Task to carry out:
Write the data out in full and word for word. Do not include images.

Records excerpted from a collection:
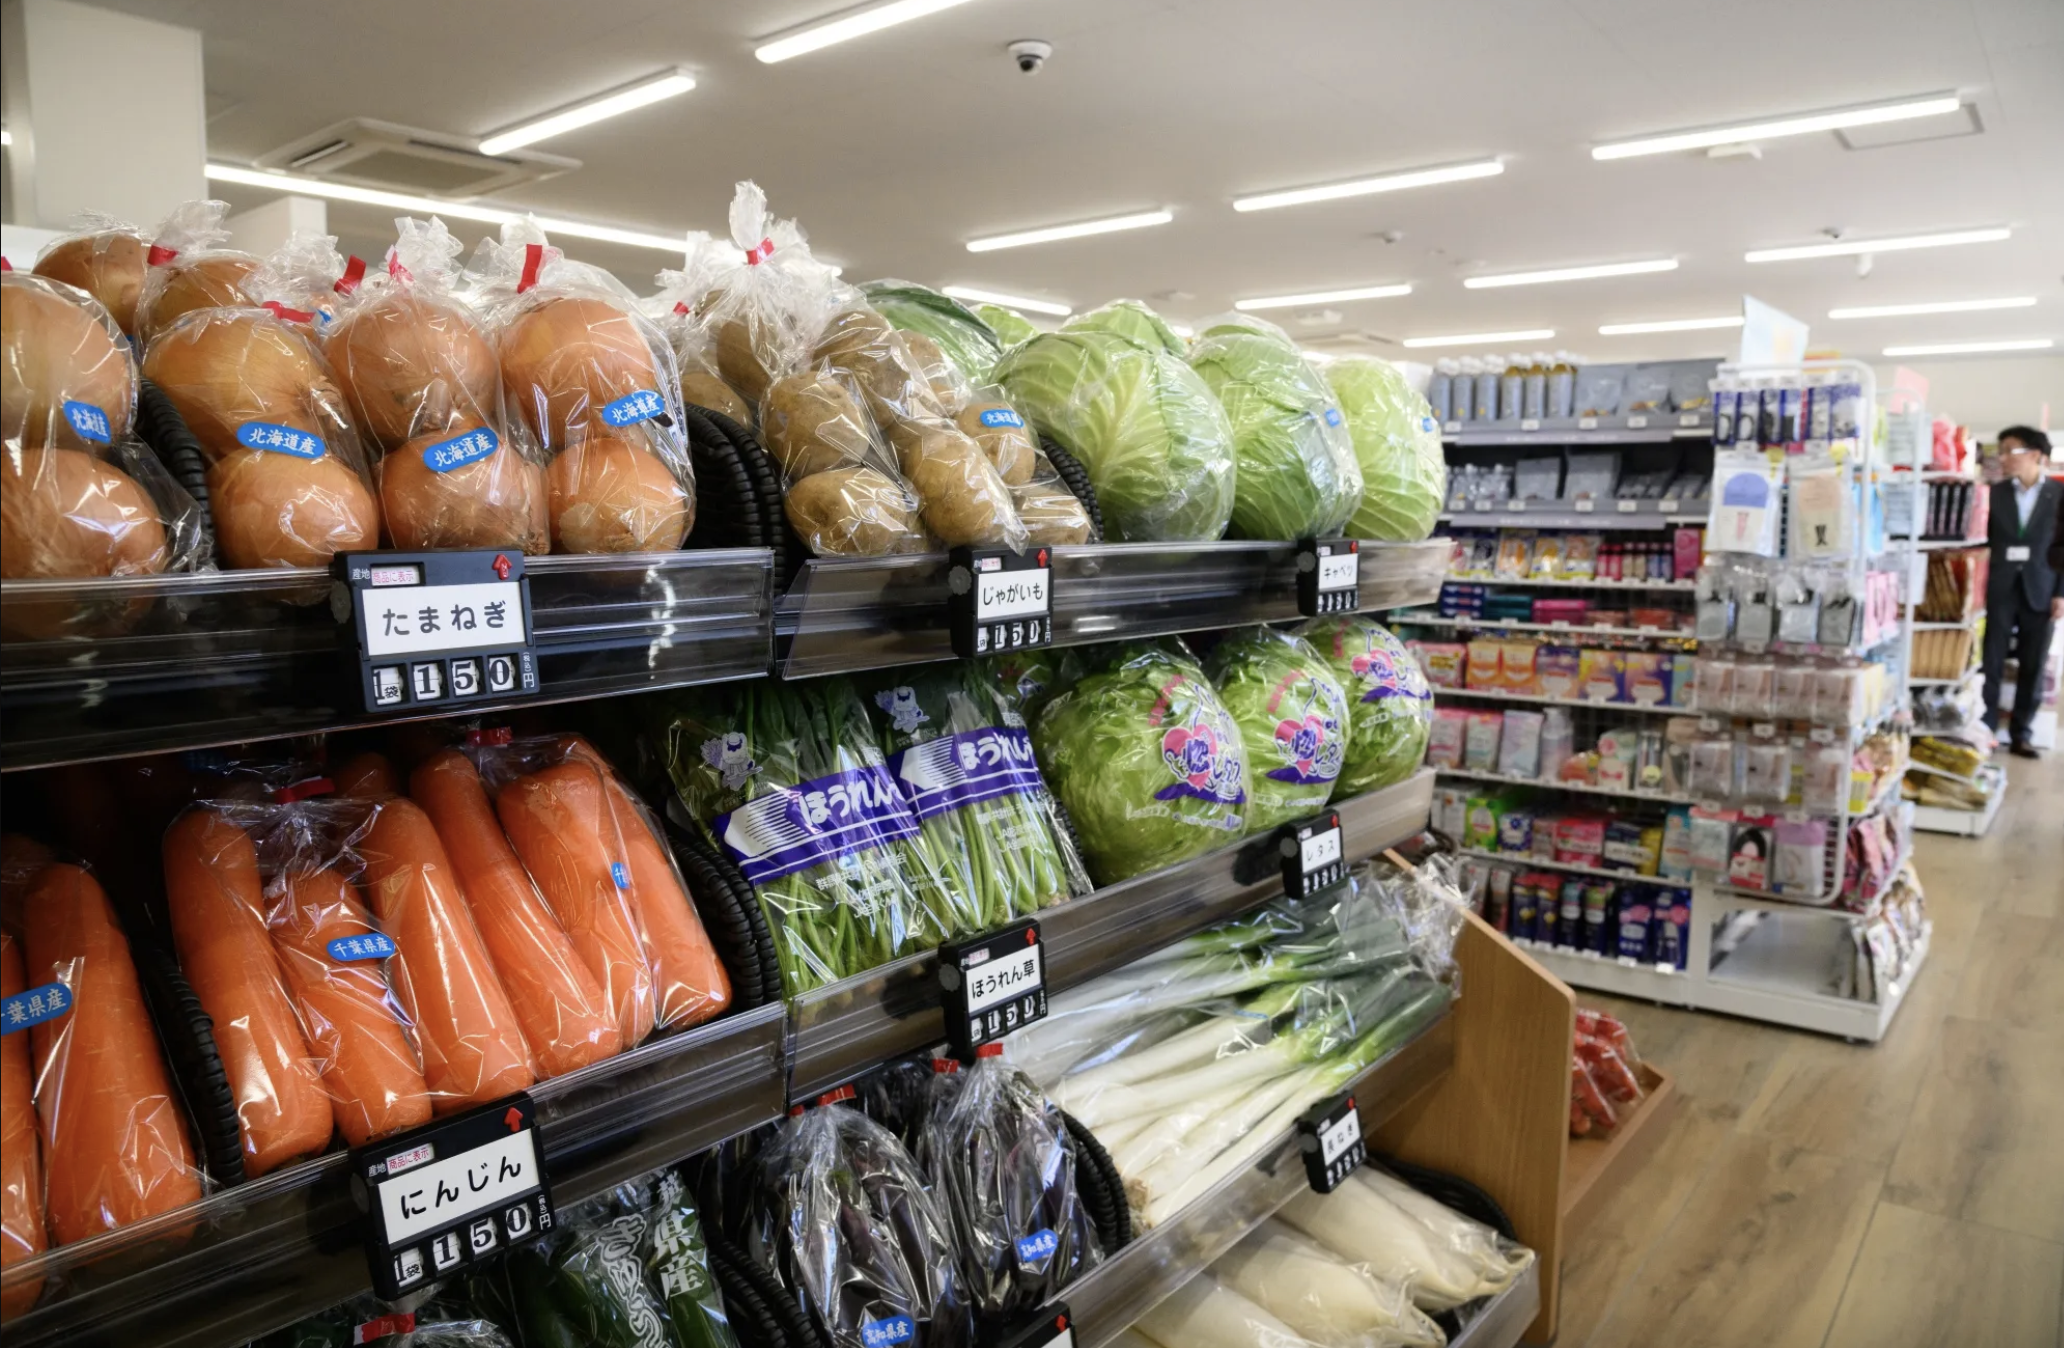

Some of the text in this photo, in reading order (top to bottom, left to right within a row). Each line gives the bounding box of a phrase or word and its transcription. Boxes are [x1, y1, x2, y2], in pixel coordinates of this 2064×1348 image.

[612, 393, 661, 424] 北海道産
[248, 427, 316, 455] 北海道産
[434, 433, 494, 467] 北海道産
[352, 568, 414, 583] 産地 商品に表示
[1324, 564, 1354, 580] キャベツ
[983, 583, 1043, 606] じゃがいも
[382, 599, 506, 637] たまねぎ
[798, 774, 906, 827] ほうれん
[1306, 840, 1335, 862] レタス
[333, 935, 392, 958] 千葉県産
[972, 959, 1035, 999] ほうれん草
[1, 988, 67, 1025] 葉県産
[368, 1147, 430, 1177] 産地 商品に表示
[400, 1156, 522, 1220] にんじん
[598, 1213, 668, 1348] きゅう
[865, 1320, 910, 1345] 高知県産

Response below:
Some of the text in this photo, in reading order (top to bottom, left to right within a row). Each line gives the bounding box of a phrase or word and its transcription. Boxes are [x1, y1, x2, y2], in pixel coordinates of this 2064×1348 image.

[612, 393, 661, 424] 北海道産
[248, 427, 316, 455] 北海道産
[434, 433, 494, 467] 北海道産
[352, 568, 414, 583] 産地 商品に表示
[1324, 564, 1354, 580] キャベツ
[983, 583, 1043, 606] じゃがいも
[382, 599, 506, 637] たまねぎ
[798, 774, 906, 827] ほうれん
[1306, 840, 1335, 862] レタス
[333, 935, 392, 958] 千葉県産
[972, 959, 1035, 999] ほうれん草
[1, 988, 67, 1025] 葉県産
[368, 1147, 430, 1177] 産地 商品に表示
[400, 1156, 522, 1220] にんじん
[598, 1213, 668, 1348] きゅう
[865, 1320, 910, 1345] 高知県産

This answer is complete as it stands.